(Phrase grounding data)
Start of Block

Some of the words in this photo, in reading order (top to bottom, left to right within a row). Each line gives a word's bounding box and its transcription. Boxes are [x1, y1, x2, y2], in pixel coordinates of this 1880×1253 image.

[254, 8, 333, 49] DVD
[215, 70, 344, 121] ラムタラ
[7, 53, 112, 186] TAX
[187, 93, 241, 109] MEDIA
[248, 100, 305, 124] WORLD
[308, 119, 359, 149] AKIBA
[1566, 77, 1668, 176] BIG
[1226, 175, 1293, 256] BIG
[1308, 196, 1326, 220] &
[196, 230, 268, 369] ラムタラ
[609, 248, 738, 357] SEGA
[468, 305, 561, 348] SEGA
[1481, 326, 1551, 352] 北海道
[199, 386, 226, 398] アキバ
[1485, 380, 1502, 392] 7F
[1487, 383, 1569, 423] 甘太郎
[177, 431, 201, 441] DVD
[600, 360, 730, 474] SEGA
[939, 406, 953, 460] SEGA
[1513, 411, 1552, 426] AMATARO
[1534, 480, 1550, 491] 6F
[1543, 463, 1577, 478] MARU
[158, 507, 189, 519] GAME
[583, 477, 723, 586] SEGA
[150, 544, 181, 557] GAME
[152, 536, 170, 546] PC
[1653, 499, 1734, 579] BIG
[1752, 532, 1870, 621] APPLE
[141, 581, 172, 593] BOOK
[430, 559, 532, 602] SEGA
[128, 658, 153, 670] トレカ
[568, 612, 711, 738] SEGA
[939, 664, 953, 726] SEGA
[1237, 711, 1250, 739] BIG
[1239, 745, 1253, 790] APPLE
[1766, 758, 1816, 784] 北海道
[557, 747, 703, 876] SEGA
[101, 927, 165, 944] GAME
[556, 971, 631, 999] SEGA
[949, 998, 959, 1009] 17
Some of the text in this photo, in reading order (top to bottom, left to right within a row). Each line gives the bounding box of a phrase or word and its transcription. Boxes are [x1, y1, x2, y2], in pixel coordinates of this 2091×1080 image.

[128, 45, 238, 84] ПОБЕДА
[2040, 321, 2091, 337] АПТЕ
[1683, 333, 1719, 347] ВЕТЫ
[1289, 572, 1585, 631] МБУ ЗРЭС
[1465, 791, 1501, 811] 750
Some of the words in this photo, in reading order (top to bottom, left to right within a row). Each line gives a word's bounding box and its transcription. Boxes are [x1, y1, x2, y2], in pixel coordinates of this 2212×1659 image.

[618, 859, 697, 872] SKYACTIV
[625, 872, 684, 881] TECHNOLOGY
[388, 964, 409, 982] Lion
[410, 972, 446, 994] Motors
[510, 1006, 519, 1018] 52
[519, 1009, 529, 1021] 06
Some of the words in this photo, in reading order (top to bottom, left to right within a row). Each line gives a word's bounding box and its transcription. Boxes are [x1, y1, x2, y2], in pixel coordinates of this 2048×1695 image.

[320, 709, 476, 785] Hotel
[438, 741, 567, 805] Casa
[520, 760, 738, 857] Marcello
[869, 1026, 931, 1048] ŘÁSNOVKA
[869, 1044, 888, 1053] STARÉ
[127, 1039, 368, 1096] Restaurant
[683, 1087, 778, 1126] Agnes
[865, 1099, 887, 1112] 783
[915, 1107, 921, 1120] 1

End of Block

EXERCISE =>
Write out, word for word, the line containing "this 2212×1659 image." and all the lines after it in the entries above, and nothing more.

RESULT OF THIS TASK =>
Some of the words in this photo, in reading order (top to bottom, left to right within a row). Each line gives a word's bounding box and its transcription. Boxes are [x1, y1, x2, y2], in pixel coordinates of this 2212×1659 image.

[618, 859, 697, 872] SKYACTIV
[625, 872, 684, 881] TECHNOLOGY
[388, 964, 409, 982] Lion
[410, 972, 446, 994] Motors
[510, 1006, 519, 1018] 52
[519, 1009, 529, 1021] 06
Some of the words in this photo, in reading order (top to bottom, left to right within a row). Each line gives a word's bounding box and its transcription. Boxes are [x1, y1, x2, y2], in pixel coordinates of this 2048×1695 image.

[320, 709, 476, 785] Hotel
[438, 741, 567, 805] Casa
[520, 760, 738, 857] Marcello
[869, 1026, 931, 1048] ŘÁSNOVKA
[869, 1044, 888, 1053] STARÉ
[127, 1039, 368, 1096] Restaurant
[683, 1087, 778, 1126] Agnes
[865, 1099, 887, 1112] 783
[915, 1107, 921, 1120] 1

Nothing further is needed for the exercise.